5. I culture my yogurt in my crockpot. To do it this way, put the jars in the crockpot and fill crockpot with very warm tap water (about 120 degrees, up to necks of jars). Put on the lid (if the lid won't close all the way, cover it with a towel to insulate the top. Periodically check the temperature of the water, and turn the pot on or off, or add cool water if required, to maintain approximately 110 degrees. I check every couple of hours or so, if I am awake and around. Otherwise, I check when i can, and err on the side of cooler rather than warmer. Too hot and your yogurt cultures will die, so try not to go over 120 degrees. If I do this late in the day, I just go to bed, and in the morning, voila! yogurt.
There are many other ways to do this: you can put the warm jars in a cooler wrapped in towels, and just check after 6-8 hours. You can put them in the oven with the light on (but the oven off unless you have a VERY LOW setting, like 110 degrees!).
6. Check After 6-8 hrs. Just tilt one of the jars a bit, and see if the yogurt has thickened. You will notice the whey separates from the yogurt. Once that has happened, it is done. I read that letting it sit longer won't make it thicker, just more sour tasting, so once it has set, it is done.
7. Pour off most of the whey (Save it! It has lots of other uses!), or ALL of the whey, and refrigerate both whey and yogurt. YOU DID IT! If you like thicker yogurt, you can pour it into a strainer lined with cheesecloth, and let it drain for a bit, until it is the consistency you like. Raw milk yogurt is naturally thinner than store bought yogurt.
8. To serve: top with honey, fruit, granola, cookie crumbs, whatever you like!
I have been using my yogurt as a substitute for sour cream. We also made a delicious lemon-honey frozen yogurt out of it (mix in honey, lemon zest and lemon juice; freeze in a metal bowl, stir every hour or so until as firm as you like.) I bet it would be a good substitute for cream cheese also, if you drained it well and added a little salt and some chives. It also makes fabulous salad dressing (recipe to follow!)
"Green Goddess Salad Dressing"
Careful, after you eat this you will only be able to kiss someone else who also ate this dressing! Lol!

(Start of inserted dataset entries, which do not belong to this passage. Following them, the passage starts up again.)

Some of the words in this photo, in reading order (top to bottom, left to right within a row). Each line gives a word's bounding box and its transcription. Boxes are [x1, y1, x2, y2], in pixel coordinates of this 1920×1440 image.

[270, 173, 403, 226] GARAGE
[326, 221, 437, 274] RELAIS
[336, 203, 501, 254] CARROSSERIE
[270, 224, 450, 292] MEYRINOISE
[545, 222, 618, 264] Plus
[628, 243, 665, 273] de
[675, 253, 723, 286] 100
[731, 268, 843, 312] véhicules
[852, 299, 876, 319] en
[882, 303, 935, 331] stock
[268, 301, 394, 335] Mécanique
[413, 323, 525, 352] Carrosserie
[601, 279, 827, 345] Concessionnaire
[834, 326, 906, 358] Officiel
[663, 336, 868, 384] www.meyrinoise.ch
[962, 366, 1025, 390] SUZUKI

1 Cup plain greek-style yogurt
1/2 C mayo (optional, if not used, increase yogurt to 1&1/2 cups)
2 tsp worcestershire sauce
1 tsp lemon juice (omit if NOT using mayo)
1 tsp tamari (can substitute soy sauce)
1/2 tsp fish sauce (if you don't have this, increase tamari by 1 tsp. Fish sauce is super cheap and available in most grocery stores.)

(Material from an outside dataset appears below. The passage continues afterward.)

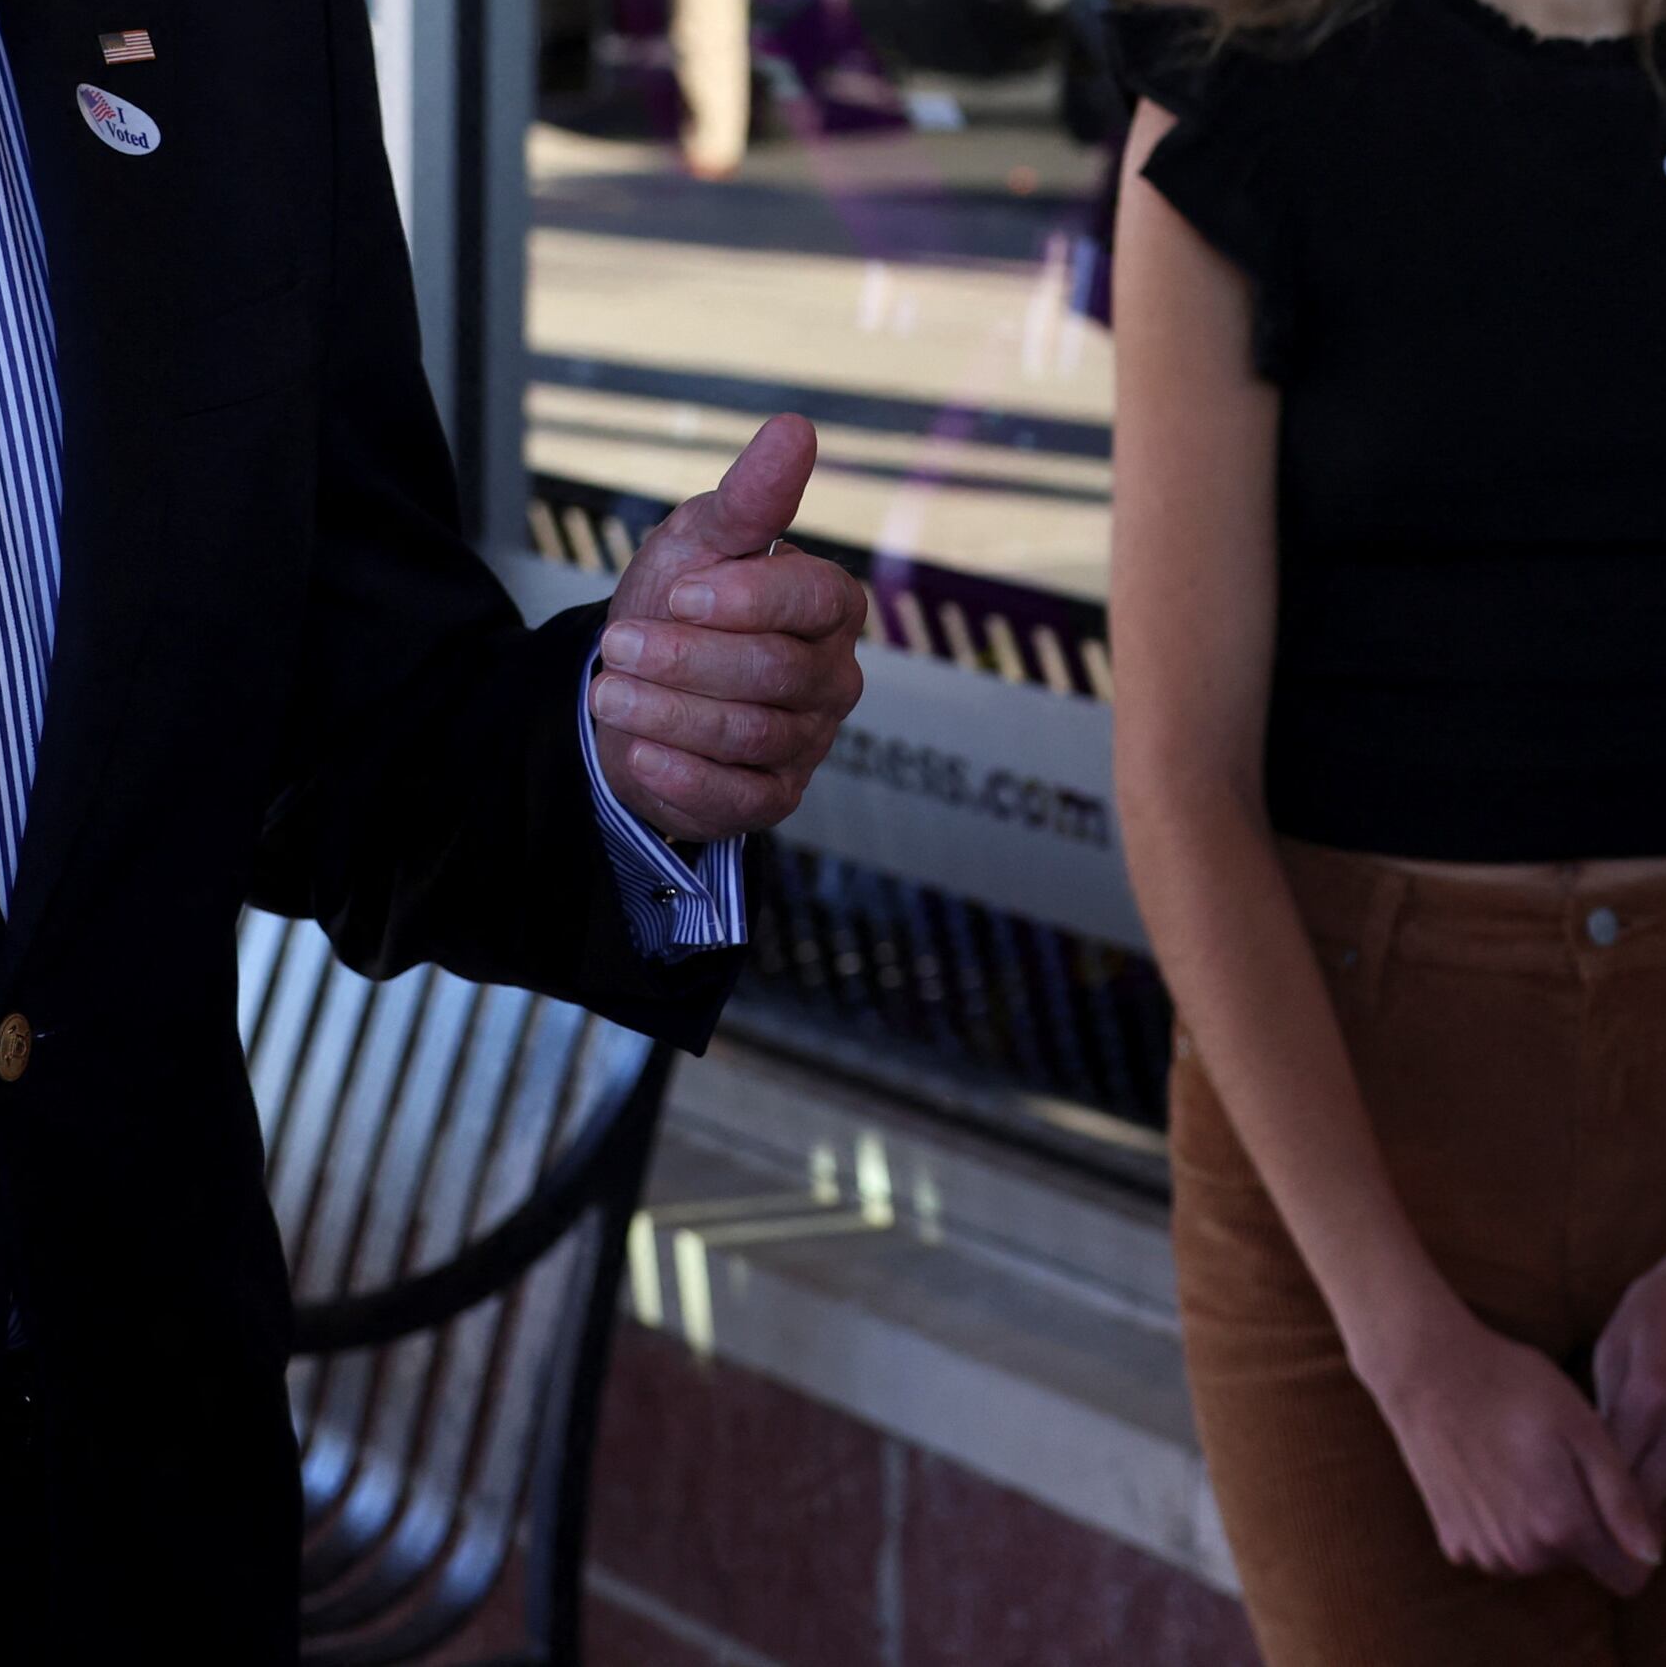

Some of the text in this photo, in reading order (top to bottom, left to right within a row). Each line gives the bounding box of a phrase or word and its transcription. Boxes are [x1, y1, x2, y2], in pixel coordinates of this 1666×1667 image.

[116, 106, 127, 125] I
[104, 119, 151, 150] Voted
[831, 723, 1111, 852] ness.com

1/2 tsp siracha, or more to taste (can substitute chopped spicy pepper of your choice, or tabasco)
2 cloves garlic, minced
1/4 cup fresh chopped chives
1/4 cup fresh dill, chopped
A few leaves of fresh basil, chopped
A chopped spring onion if you have one, bulb and green!
Salt and fresh ground pepper, to taste
Process all in food processor, until blended and as creamy as you like.
You can mess with the types and amounts of herbs, according to what you like. Just make sure they are fresh; dried ones DO NOT WORK in this recipe! If this recipe is too flavorful for you, just add more yogurt.
We ate this on salad, the next day on grilled zucchini, the next day on steamed green beans!! It would also make a scrumptious dip or sandwich spread! Again, have some mint gum handy!
My Stone Ground Whole Wheat Bread Recipe
I tried this with all whole wheat flour. It was delicious, but didn't rise very well, was SUPER dense and didn't hold up well to sandwiches (fell apart). If those things aren't issues for you, then just use all whole wheat.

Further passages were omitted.